EXERCISE DESCRIPTION
Any picture in the entries is to be skipped, while everything else is transcribed word for word.

RECORDS SUPPLIED
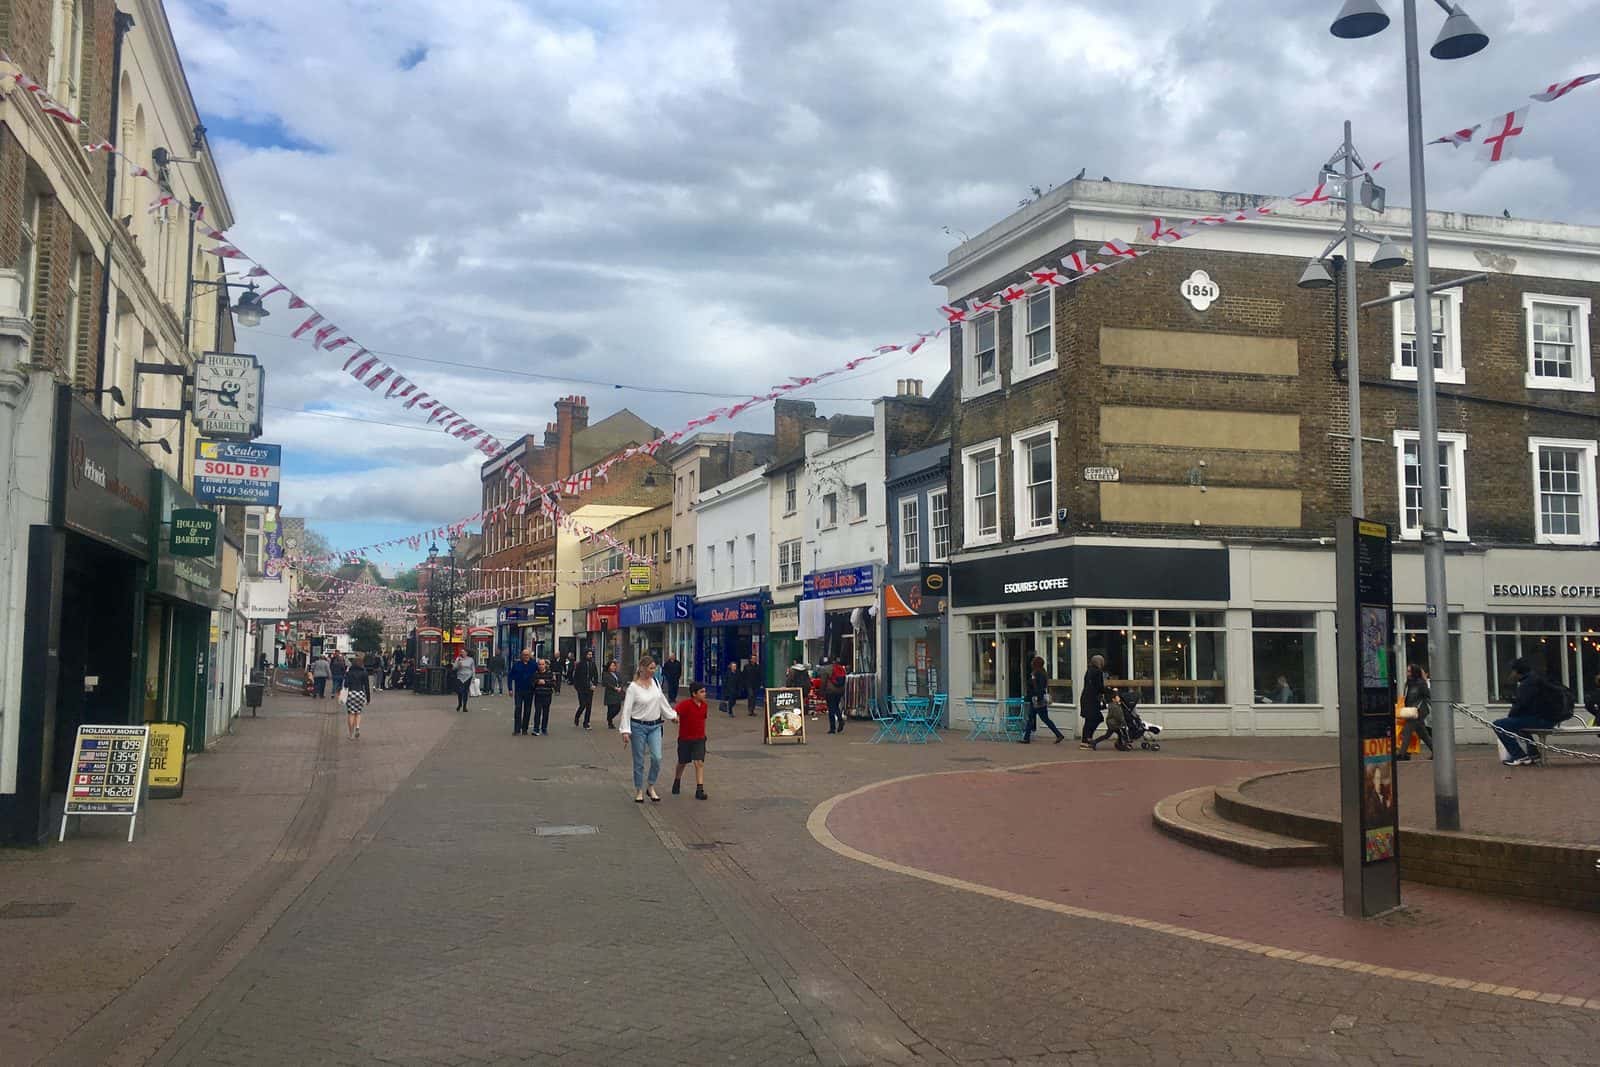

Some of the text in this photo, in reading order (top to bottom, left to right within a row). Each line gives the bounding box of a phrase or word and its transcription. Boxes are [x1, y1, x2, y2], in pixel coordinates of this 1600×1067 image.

[1187, 284, 1214, 297] 1851
[208, 356, 250, 369] HOLLAND
[206, 420, 248, 433] BARRETT
[224, 444, 269, 459] Sealeys
[205, 462, 270, 478] SOLD BY
[176, 520, 212, 530] HOLLAND
[175, 536, 210, 546] BARRETT
[1004, 577, 1069, 594] ESQUIRES COFFEE
[1493, 584, 1557, 597] ESQUIRES
[1364, 738, 1392, 756] LOVE
[149, 757, 168, 769] ERE

SOLUTION TO THE PROBLEM
Some of the text in this photo, in reading order (top to bottom, left to right within a row). Each line gives the bounding box of a phrase or word and its transcription. Boxes are [x1, y1, x2, y2], in pixel coordinates of this 1600×1067 image.

[1187, 284, 1214, 297] 1851
[208, 356, 250, 369] HOLLAND
[206, 420, 248, 433] BARRETT
[224, 444, 269, 459] Sealeys
[205, 462, 270, 478] SOLD BY
[176, 520, 212, 530] HOLLAND
[175, 536, 210, 546] BARRETT
[1004, 577, 1069, 594] ESQUIRES COFFEE
[1493, 584, 1557, 597] ESQUIRES
[1364, 738, 1392, 756] LOVE
[149, 757, 168, 769] ERE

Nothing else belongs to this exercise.